Abivax’s Phase 2b Trial Testing ABX464 for Ulcerative Colitis Cleared to Add French Sites

Abivax’s Phase 2b Trial Testing ABX464 for Ulcerative Colitis Cleared to Add French Sites

France’s National Agency for the Safety of Medicine and Health Products (ANSM) has cleared the inclusion of French study sites for Abivax‘s new Phase 2b clinical trial, intended to evaluate several oral doses of its lead investigational therapy ABX464 for moderate-to-severe ulcerative colitis (UC).

With the decision by the ANSM, the clinical trial (NCT03760003) for ABX464 is now fully approved in 15 countries and will run in nearly 150 study sites.

Patient recruiting is ongoing.
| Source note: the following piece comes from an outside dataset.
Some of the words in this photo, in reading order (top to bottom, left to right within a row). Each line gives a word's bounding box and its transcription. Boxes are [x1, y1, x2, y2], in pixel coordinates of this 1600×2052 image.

More information about trial contacts is available here.

Top-line data from the study, which aims to enroll 232 patients with moderate-to-severe UC, is expected at the end of 2020.

“We are very pleased with ANSM giving us the green light for the continued clinical development of this promising compound in France,” Hartmut J. Ehrlich, MD, CEO of Abivax, said in a press release.
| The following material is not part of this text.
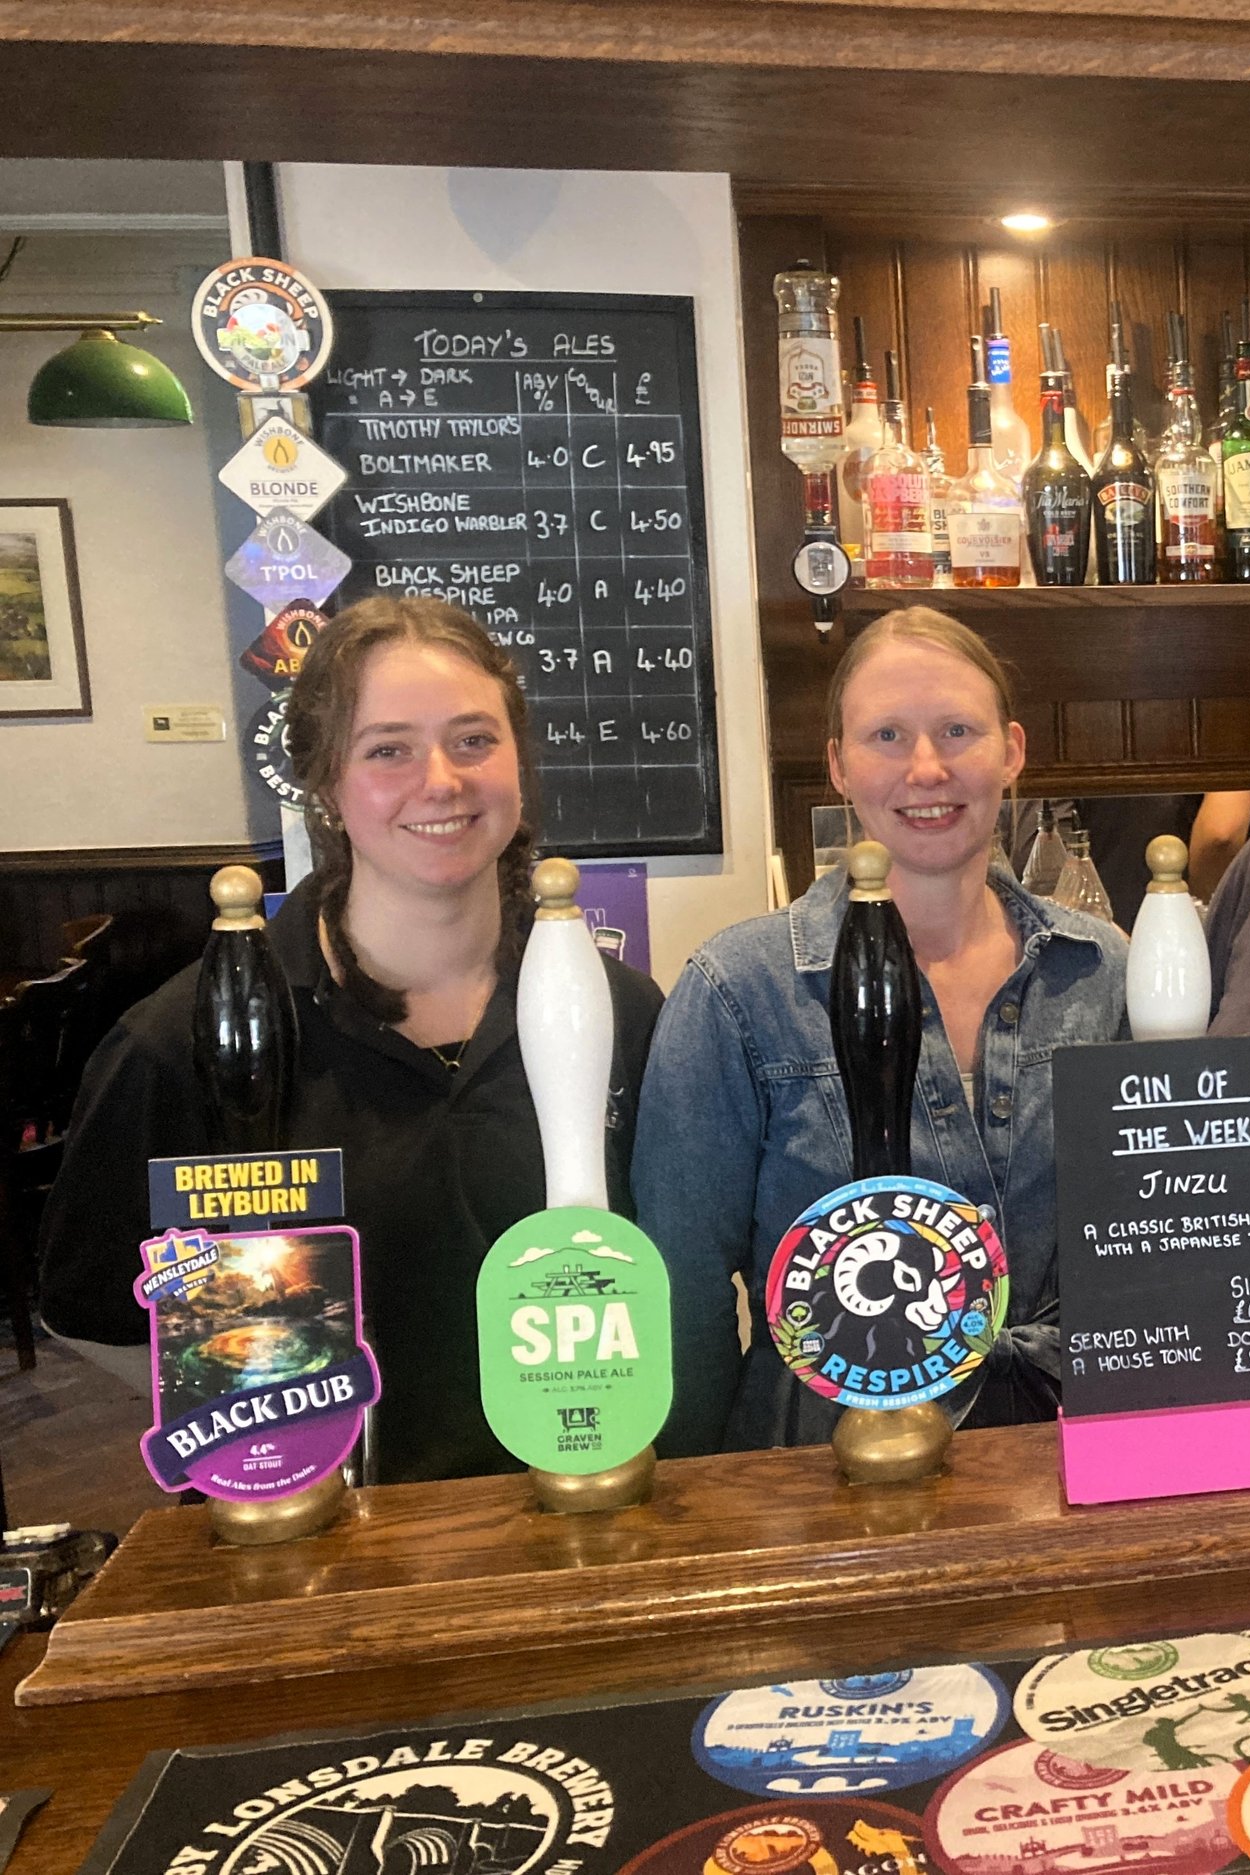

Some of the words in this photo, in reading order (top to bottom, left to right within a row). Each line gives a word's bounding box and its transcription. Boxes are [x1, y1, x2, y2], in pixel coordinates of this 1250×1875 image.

The company recently presented promising results from the open-label extension study of ABX464 (NCT03368118). After one year of maintenance therapy with daily 50 mg capsules of ABX464, 75% of the evaluated patients — 12 out of 19 — were in clinical remission, meaning they are free of any symptoms of the disease. These patients had moderate-to-severe, active UC, and had previously failed other treatments, including immunomodulators, anti-TNF biologicsEntyvio, or corticosteroids.

“So far, our study results with ABX464 are truly remarkable. With currently available treatments, including biologics, typically only 10-25% of the patients achieve clinical remission after 2 months of induction, and half of the responders stop responding after six to twelve months, so there is a large unmet need for effective ulcerative colitis therapies,” said Jean-Marc Steens, MD, Abivax’s chief medical officer.

The Phase 2b study, ABX464-103, will evaluate the efficacy and safety of three oral doses of ABX464 —  25 mg, 50 mg, and 100 mg — as compared with placebo. The therapy will be given daily to the trial’s participants, all of whom have moderate-to-severe UC and had a poor response or were intolerant to prior treatments.

A total of 232 individuals are expected to enroll. Participants will be randomly assigned to one of four groups, one for each dose of ABX464, or a matching placebo. The study includes an initial, blinded treatment spanning 16 weeks — the induction phase — followed by an open-label maintenance study (NCT04023396), for an overall period of 48 weeks.

The primary efficacy measure will be a reduction in the modified Mayo Score, a tool for assessing disease activity in UC, at eight weeks. Secondary measures include clinical remission, improvement in endoscopy findings, and levels of fecal calprotectin, which is a biomarker for intestinal inflammation.

“With the ABX464-103 study (Phase 2b), we are planning to confirm these excellent outcomes in a statistically relevant number of patients and, at the same time, evaluate different doses of ABX464 to define the optimal dose for subsequent Phase 3 testing. We are looking forward to advancing this exciting program with ABX464, a novel, first-in-class molecule with an innovative mode of action that could make a difference in treating patients suffering from this emaciating inflammatory disease,” Ehrlich said.

ABX464 is an investigational, small molecule with a new mechanism of action. It works by promoting the production of a small microRNA (miRNA-124), which was seen to be safe and have strong anti-inflammatory activity in preclinical studies.

“This is a debilitating disease that greatly affects patients’ quality of life and requires expensive and cumbersome therapies,” Steens said. “The innovative mechanism of action of ABX464 and data from this trial represent a promising new potential approach to the treatment of ulcerative colitis that could provide these patients with an easily administered, once-daily oral, long-term therapeutic management option.”

A Phase 2a study (NCT03905109) to test ABX464 for the treatment of severe, active Crohn’s disease is expected to start in the first quarter of 2020, Abivax also announced.